My early modern research is focused on the literary production of the English civil war, Interregnum and early Restoration (c. 1642-1666). In broad terms, I am interested in literary work that engages with the political context and, specifically, with the political uses of translations from contemporary continental authors into English. Broader interests include translation theory and practice, and personal writing (diaries, memoirs, autobiographies) in the early modern period.

Digital Textual editing

Research into digital textual editing is based on the practical use of TEI for early modern scholarly editions. I am also interested in the automation of editorial tasks, and the streamlining of TEI encoding for editors without technological backgrounds. I have taught several TEI workshops and I am currently one of the co-managing editors of the jTEI

Textual Analysis

My interest in textual analysis is quite broad, from the use of traditional statistical methods over large corpora to investigate trends over time, to multilingual analysis based on comparable corpora and metadata. Recently, I have been exploring the uses of Artificial Intelligence for research in literary text.


Projects is an amourphous category. It is mainly comprised of projects I have worked on in a professional capacity (as an academic, working for Newcastle University and ATNU), but also includes projects I have been thinking about, developing, and implementing on my free time, sometimes connected to my research, others just as an exercise of my interests.


There will be a proper list of recent publications here at some point, but for now, you can always go straight to my ORCiD.


Photography, for me, really means film photography.

I have done some sort of photography ever since I can remember: first as childish play with my parents' point-and-shoot, sans film of course, later graduating to actually being able to take pictures at special events and even, at least once, to take the cheap camera along by myself in a school trip to the zoo -- the result was a whole roll of fence close-ups.

When digital cameras became a viable consumer product, like everyone else, I moved to a world of low-resolution snaps.
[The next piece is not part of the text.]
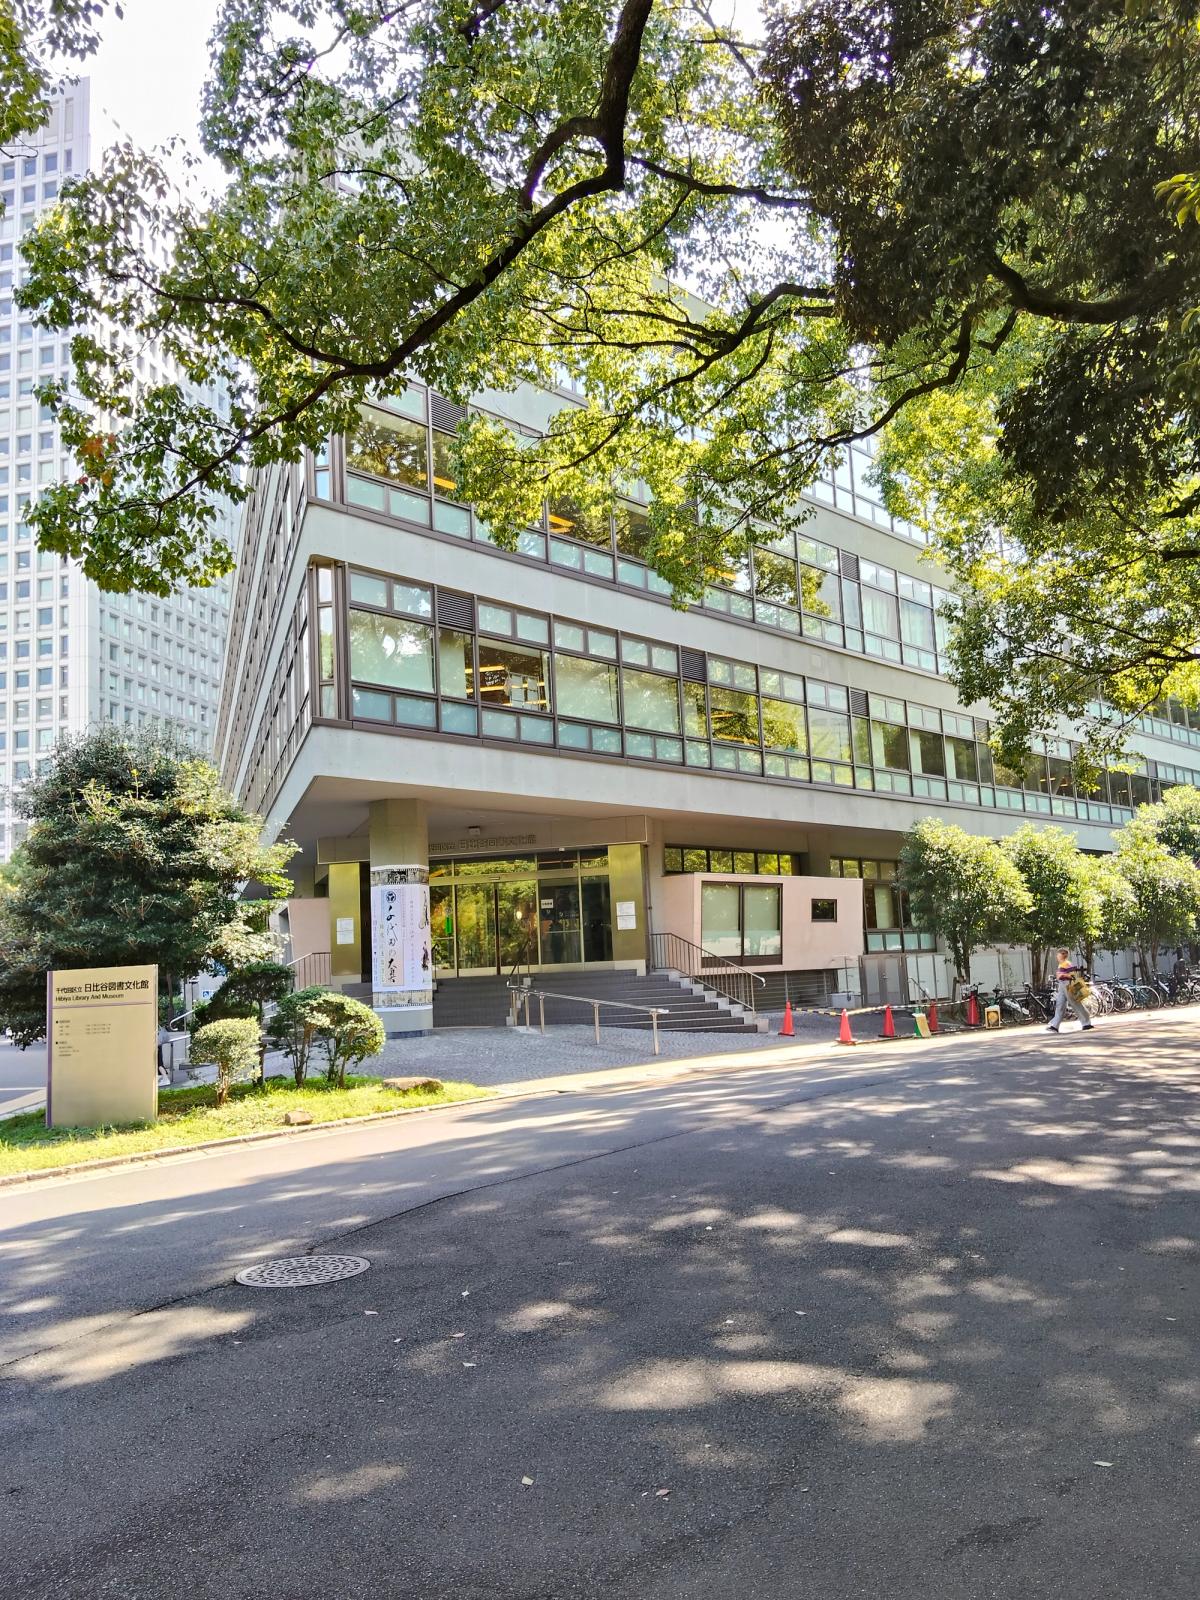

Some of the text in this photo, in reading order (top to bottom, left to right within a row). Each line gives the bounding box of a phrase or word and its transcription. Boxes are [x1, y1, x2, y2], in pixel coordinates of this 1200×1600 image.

[84, 980, 149, 992] 日比谷図書文化館
I got my first digital camera as a birthday present in my early teens -- a 5MP point-and-shoot HP. Eventually, I upgraded to a DSLR and, for most of my adult life, that was what I used to practice photography, mostly haphazardly but with a modicum of understanding of what was going on between light, glass, and sensor.
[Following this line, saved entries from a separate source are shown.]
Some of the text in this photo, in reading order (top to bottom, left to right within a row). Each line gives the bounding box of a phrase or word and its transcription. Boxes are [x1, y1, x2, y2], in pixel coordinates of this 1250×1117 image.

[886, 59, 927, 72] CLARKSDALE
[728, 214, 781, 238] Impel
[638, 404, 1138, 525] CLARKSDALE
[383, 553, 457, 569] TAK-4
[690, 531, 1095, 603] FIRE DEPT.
I returned to film photography only a few years ago, in 2019. I wrote a brief explanation of what led me to film photography in the introduction of an article I wrote for Emulsive.org (a review of one of my favourite film cameras, the Yashica-B) but, if you want the short version, this is it: I wanted to try medium format, bought a film camera, became hooked.
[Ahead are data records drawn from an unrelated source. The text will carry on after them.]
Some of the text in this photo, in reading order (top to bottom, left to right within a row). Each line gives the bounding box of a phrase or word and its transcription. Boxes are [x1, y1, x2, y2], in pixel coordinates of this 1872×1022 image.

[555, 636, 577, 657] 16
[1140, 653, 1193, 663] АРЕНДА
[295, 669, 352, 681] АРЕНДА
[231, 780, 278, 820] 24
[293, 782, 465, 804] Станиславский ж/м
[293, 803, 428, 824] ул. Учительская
Since then, I have done all my Photography (capital "P") as well as most of my snapping, with a film camera. I own a total of ten film cameras, a mix between 35mm and medium format, including a couple of TLRs, a couple of rangefinders, a few SLRs, and even one folding camera. As objects, they are nice in themselves, but they all work (some more than others). I focused on black and white film at first for sensible economic reasons (usually cheaper), but grew to love the aesthetic and the fact that I can develop the film myself without great difficulty (it is, of course, also possible to process colour film at home, but the margin for mistake is much smaller). During the pandemic, I also built myself a small, precarious darkroom where I spend a few happy weekend afternoons printing my favourite frames (and by built, I mean blackening out a giant window everytime I want to turn the enlarger on).

I am no wiz photographer, I enjoy the process more than anything. But over the few years in which I have been doing this, I have created a few images that I am rather proud of: you can see those in my portfolio.